Data Block Start

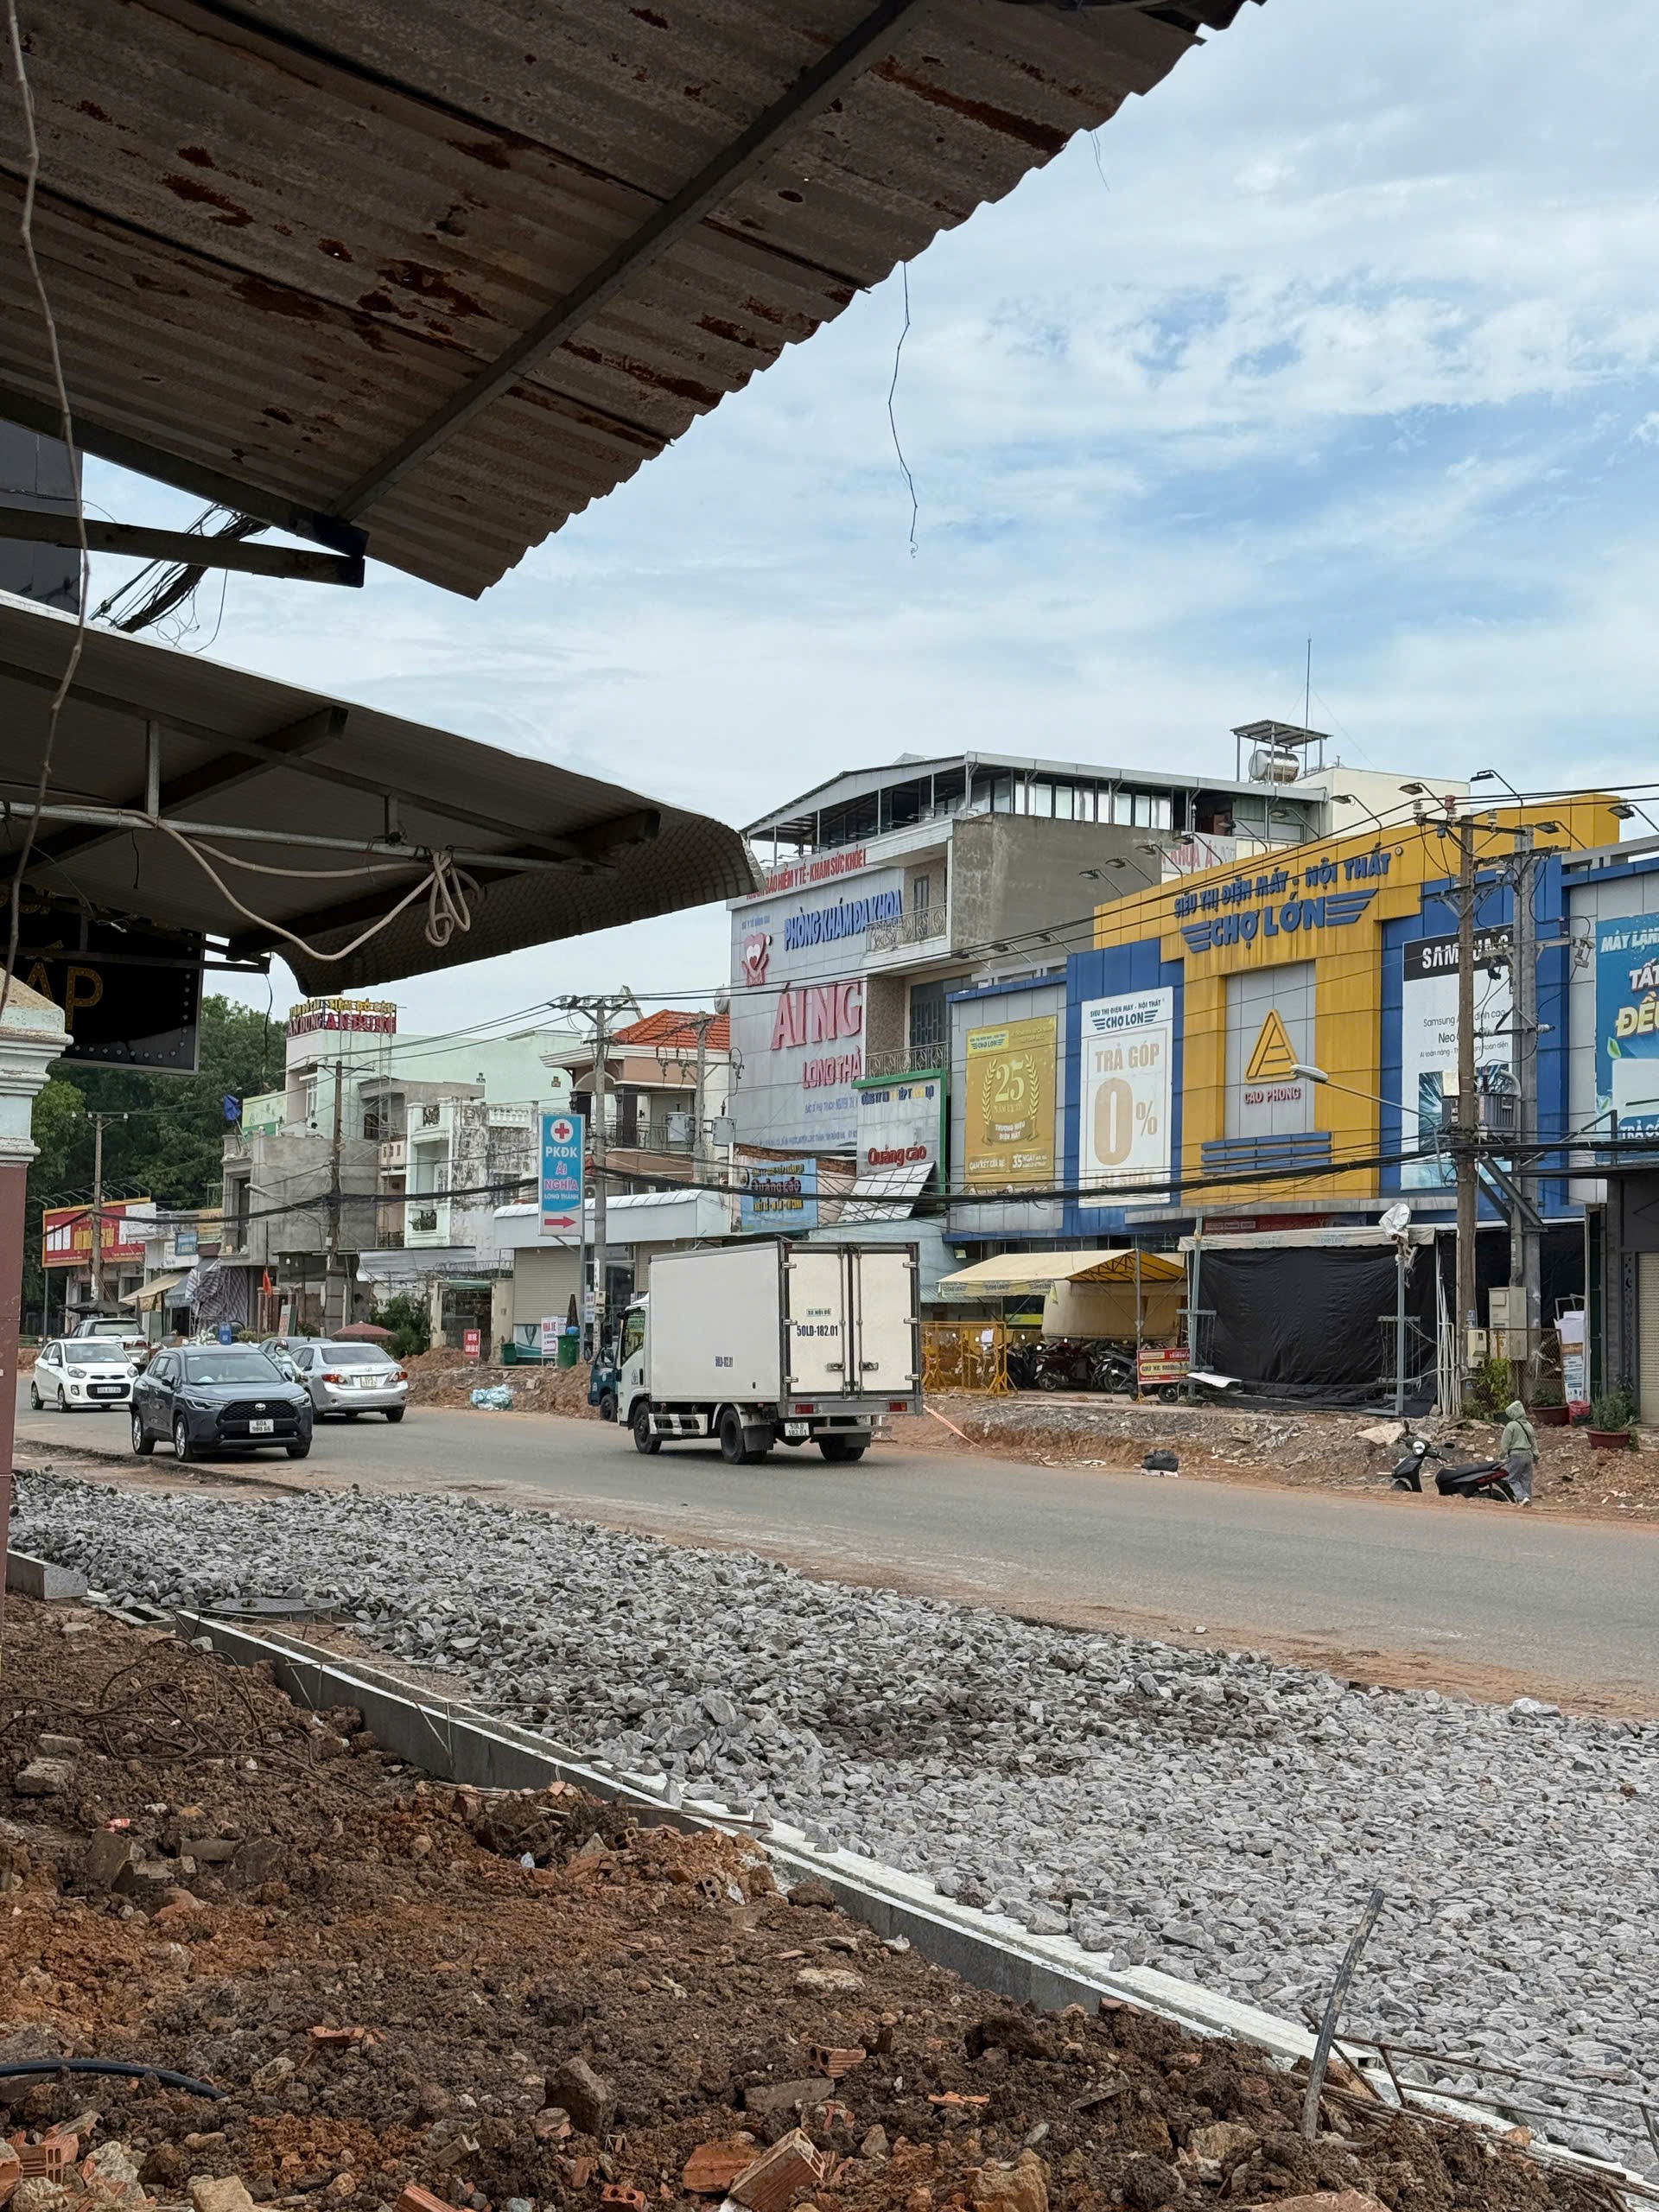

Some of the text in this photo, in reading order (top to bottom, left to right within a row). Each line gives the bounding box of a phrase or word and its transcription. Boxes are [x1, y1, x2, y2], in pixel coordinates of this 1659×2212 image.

[810, 855, 830, 882] KHÁM
[830, 851, 845, 876] SỨC
[1174, 893, 1198, 918] SIÊU
[1200, 888, 1219, 912] THỊ
[1222, 877, 1252, 906] ĐIỆN
[1255, 867, 1289, 896] MÁY
[1306, 857, 1338, 889] NỘI
[1344, 842, 1392, 880] THẤT
[785, 906, 822, 951] PHÒNG
[820, 897, 855, 943] KHÁM
[1211, 892, 1326, 950] CHỢ LỚN
[1600, 929, 1632, 953] MÁY
[1424, 1017, 1455, 1027] Samsung
[1616, 990, 1659, 1038] ĐỀ
[1439, 1033, 1455, 1044] Neo
[1095, 1040, 1160, 1072] TRẢ GÓP
[803, 1056, 836, 1090] LONG
[995, 1060, 1025, 1103] 25
[1244, 1087, 1301, 1105] CAO PHONG
[545, 1146, 578, 1158] PKĐK
[868, 1141, 927, 1166] Quảng cáo
[543, 1176, 579, 1191] NGHĨA
[797, 1325, 838, 1337] 50LD-182.01
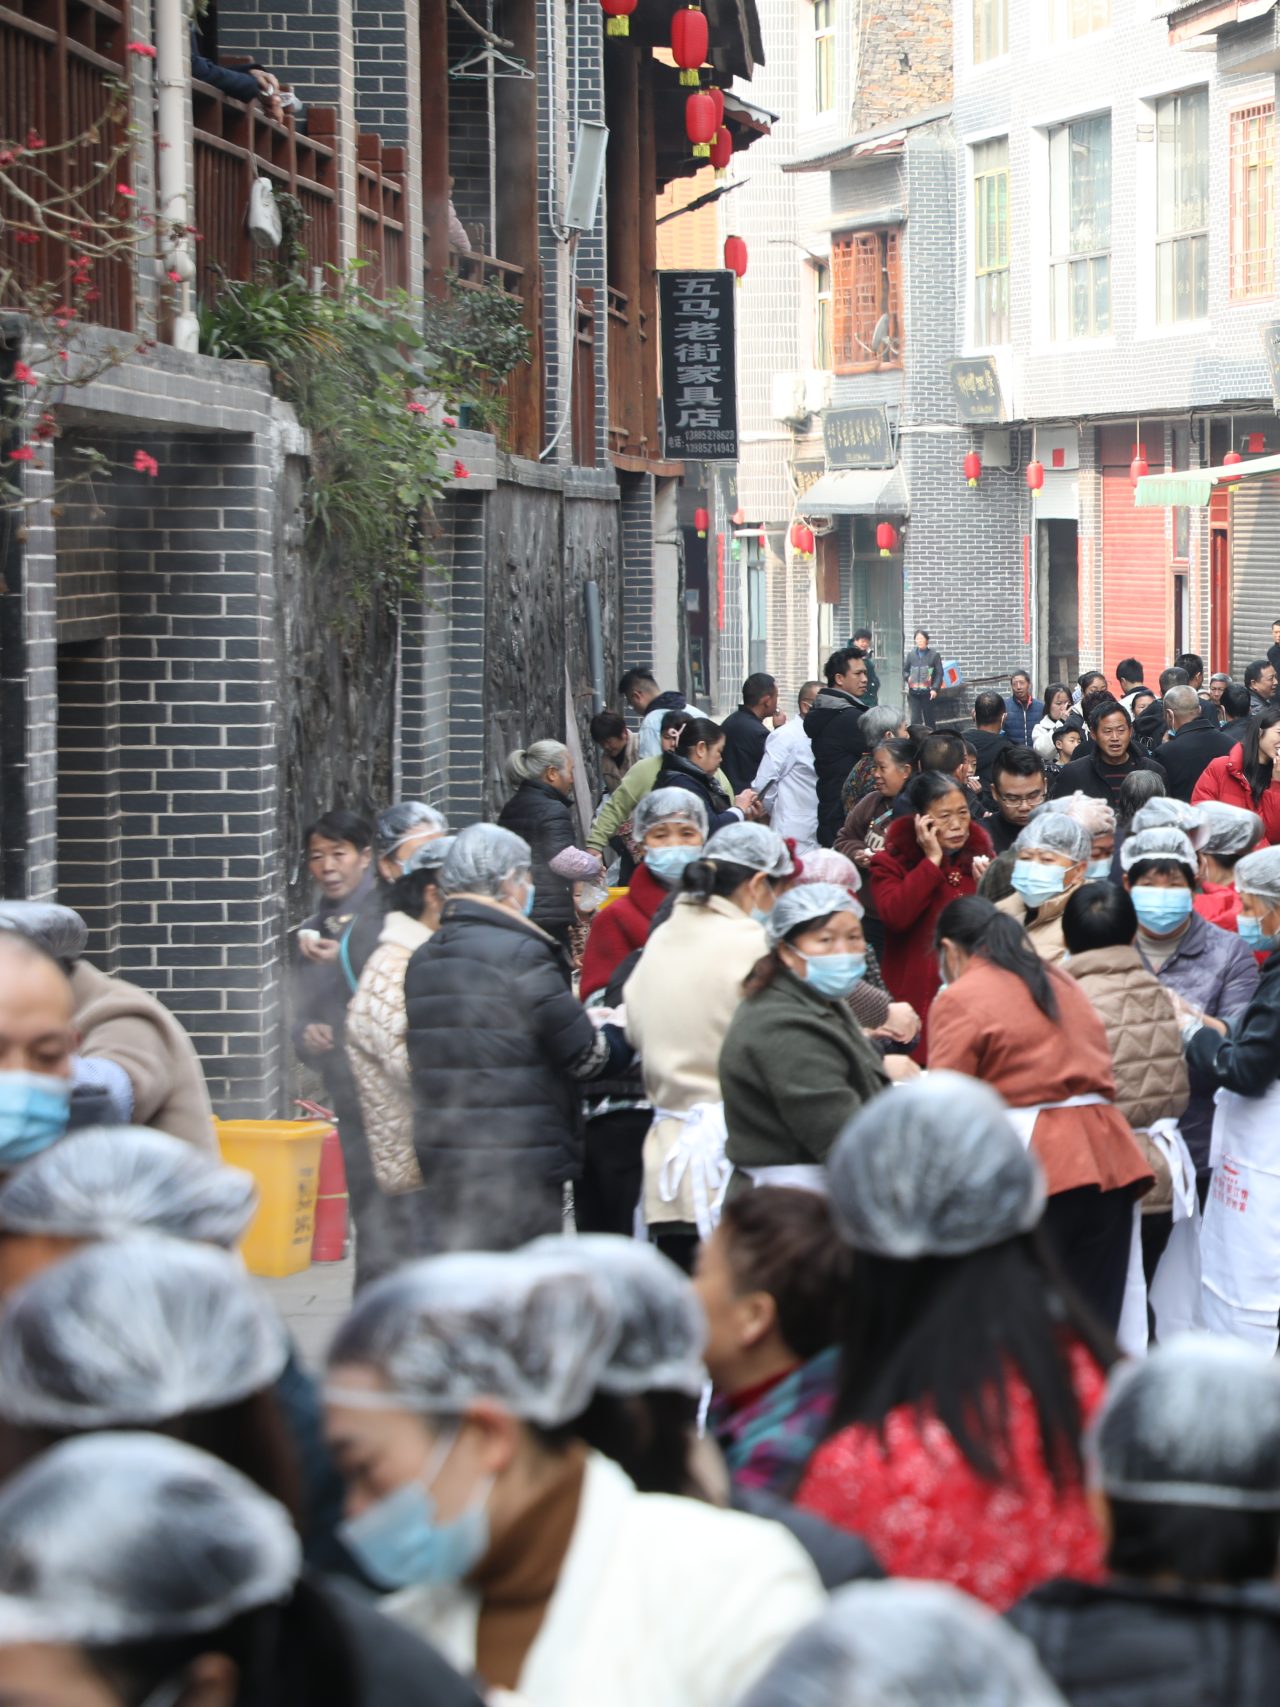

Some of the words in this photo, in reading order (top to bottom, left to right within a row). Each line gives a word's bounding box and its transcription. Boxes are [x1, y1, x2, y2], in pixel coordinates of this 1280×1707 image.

Data Block End

• _Exercise aim_
The job here is to retype the data exactly, with no pictures included.

• _Expected answer_
Some of the text in this photo, in reading order (top to bottom, left to right within a row). Each line gives the bounding box of a phrase or word and its transcription. Boxes are [x1, y1, x2, y2], in pixel coordinates of this 1659×2212 image.

[810, 855, 830, 882] KHÁM
[830, 851, 845, 876] SỨC
[1174, 893, 1198, 918] SIÊU
[1200, 888, 1219, 912] THỊ
[1222, 877, 1252, 906] ĐIỆN
[1255, 867, 1289, 896] MÁY
[1306, 857, 1338, 889] NỘI
[1344, 842, 1392, 880] THẤT
[785, 906, 822, 951] PHÒNG
[820, 897, 855, 943] KHÁM
[1211, 892, 1326, 950] CHỢ LỚN
[1600, 929, 1632, 953] MÁY
[1424, 1017, 1455, 1027] Samsung
[1616, 990, 1659, 1038] ĐỀ
[1439, 1033, 1455, 1044] Neo
[1095, 1040, 1160, 1072] TRẢ GÓP
[803, 1056, 836, 1090] LONG
[995, 1060, 1025, 1103] 25
[1244, 1087, 1301, 1105] CAO PHONG
[545, 1146, 578, 1158] PKĐK
[868, 1141, 927, 1166] Quảng cáo
[543, 1176, 579, 1191] NGHĨA
[797, 1325, 838, 1337] 50LD-182.01

Some of the words in this photo, in reading order (top to bottom, left to right within a row). Each line gives a word's bounding box and its transcription. Boxes are [x1, y1, x2, y2], in pixel coordinates of this 1280×1707 image.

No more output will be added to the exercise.